----- PROVIDED MATERIAL

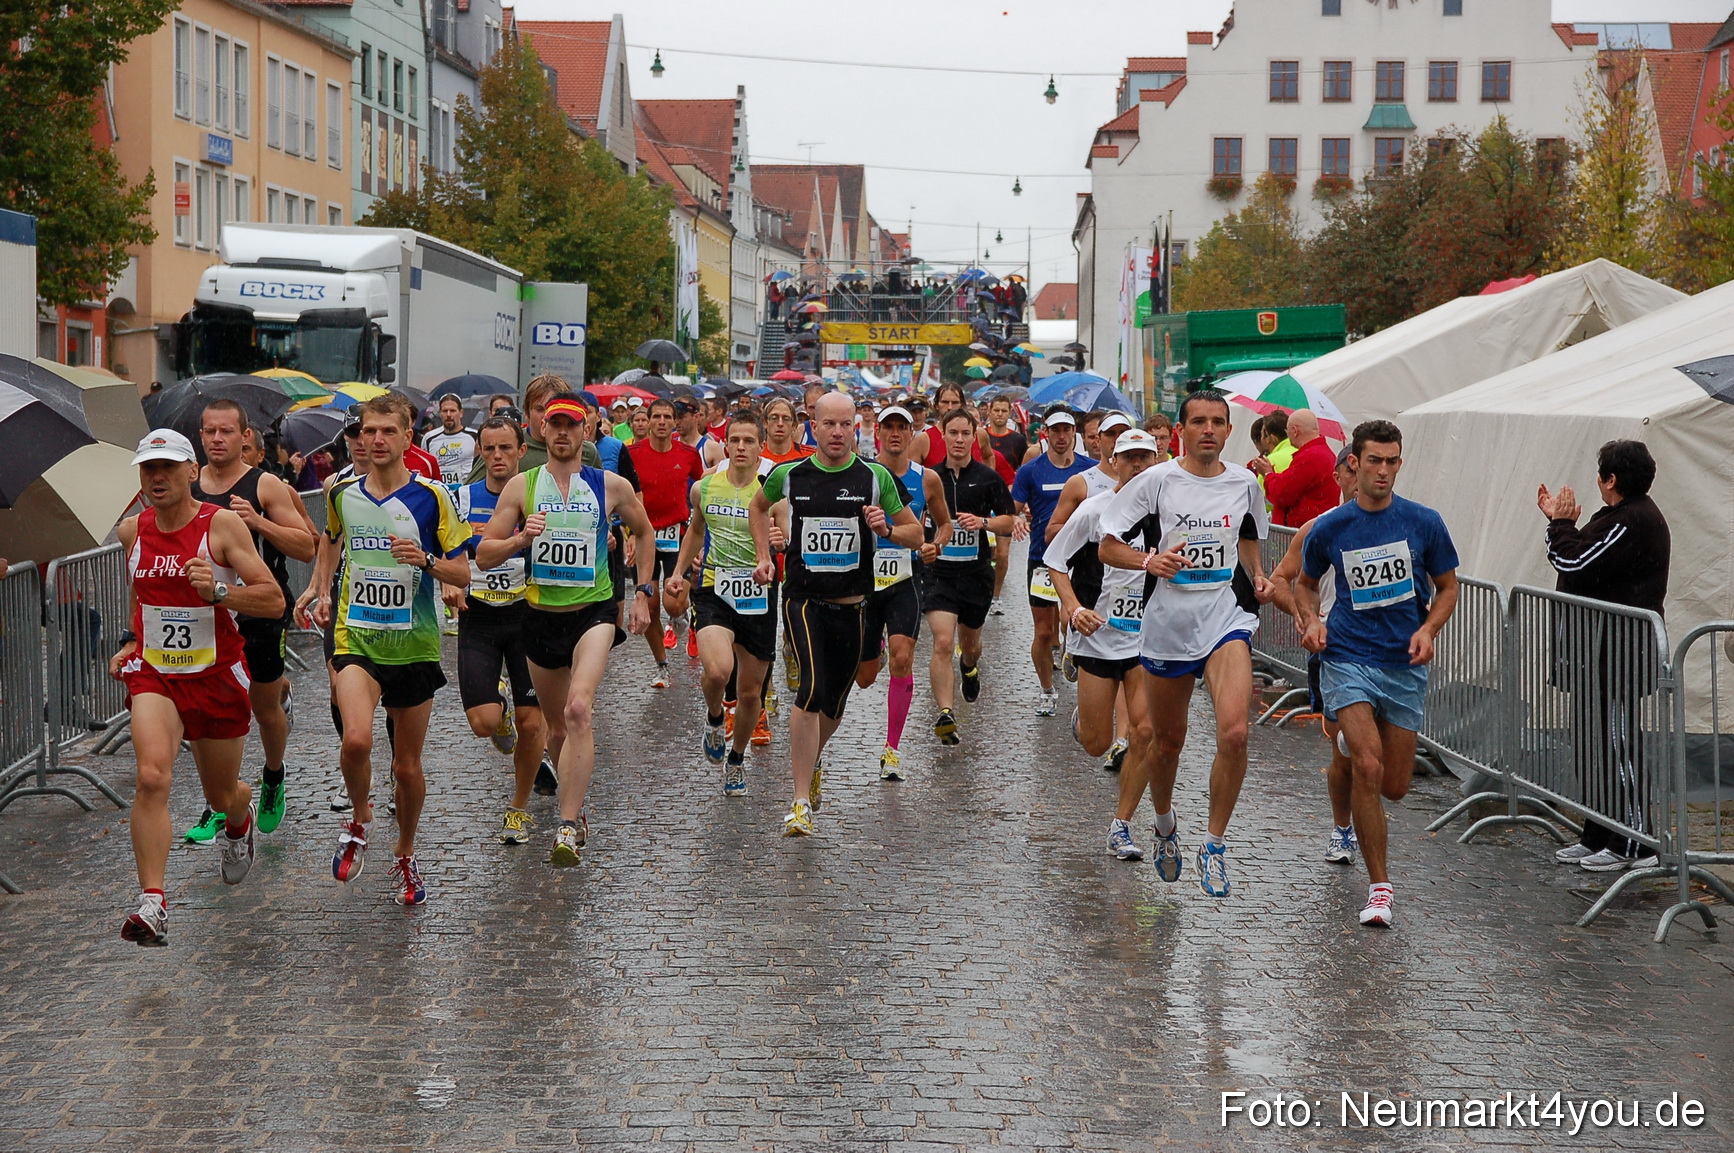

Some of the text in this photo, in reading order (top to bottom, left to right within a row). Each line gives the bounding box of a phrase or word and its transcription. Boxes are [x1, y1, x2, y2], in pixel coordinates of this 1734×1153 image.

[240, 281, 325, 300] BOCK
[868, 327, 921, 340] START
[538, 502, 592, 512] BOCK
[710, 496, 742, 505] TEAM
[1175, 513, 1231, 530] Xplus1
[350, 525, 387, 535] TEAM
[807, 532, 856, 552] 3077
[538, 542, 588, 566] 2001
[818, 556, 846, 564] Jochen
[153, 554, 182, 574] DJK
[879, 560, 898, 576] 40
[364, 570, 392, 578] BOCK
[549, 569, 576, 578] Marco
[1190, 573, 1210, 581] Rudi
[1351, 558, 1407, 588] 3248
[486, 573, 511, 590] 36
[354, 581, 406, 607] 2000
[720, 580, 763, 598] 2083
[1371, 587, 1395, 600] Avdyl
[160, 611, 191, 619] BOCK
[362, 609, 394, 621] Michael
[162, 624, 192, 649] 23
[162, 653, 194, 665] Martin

----------

▶ **TASK ITEM**
Could you repeat each line above exactly as written? Omit the pictures.

▶ **FINISHED EXERCISE**
Some of the text in this photo, in reading order (top to bottom, left to right within a row). Each line gives the bounding box of a phrase or word and its transcription. Boxes are [x1, y1, x2, y2], in pixel coordinates of this 1734×1153 image.

[240, 281, 325, 300] BOCK
[868, 327, 921, 340] START
[538, 502, 592, 512] BOCK
[710, 496, 742, 505] TEAM
[1175, 513, 1231, 530] Xplus1
[350, 525, 387, 535] TEAM
[807, 532, 856, 552] 3077
[538, 542, 588, 566] 2001
[818, 556, 846, 564] Jochen
[153, 554, 182, 574] DJK
[879, 560, 898, 576] 40
[364, 570, 392, 578] BOCK
[549, 569, 576, 578] Marco
[1190, 573, 1210, 581] Rudi
[1351, 558, 1407, 588] 3248
[486, 573, 511, 590] 36
[354, 581, 406, 607] 2000
[720, 580, 763, 598] 2083
[1371, 587, 1395, 600] Avdyl
[160, 611, 191, 619] BOCK
[362, 609, 394, 621] Michael
[162, 624, 192, 649] 23
[162, 653, 194, 665] Martin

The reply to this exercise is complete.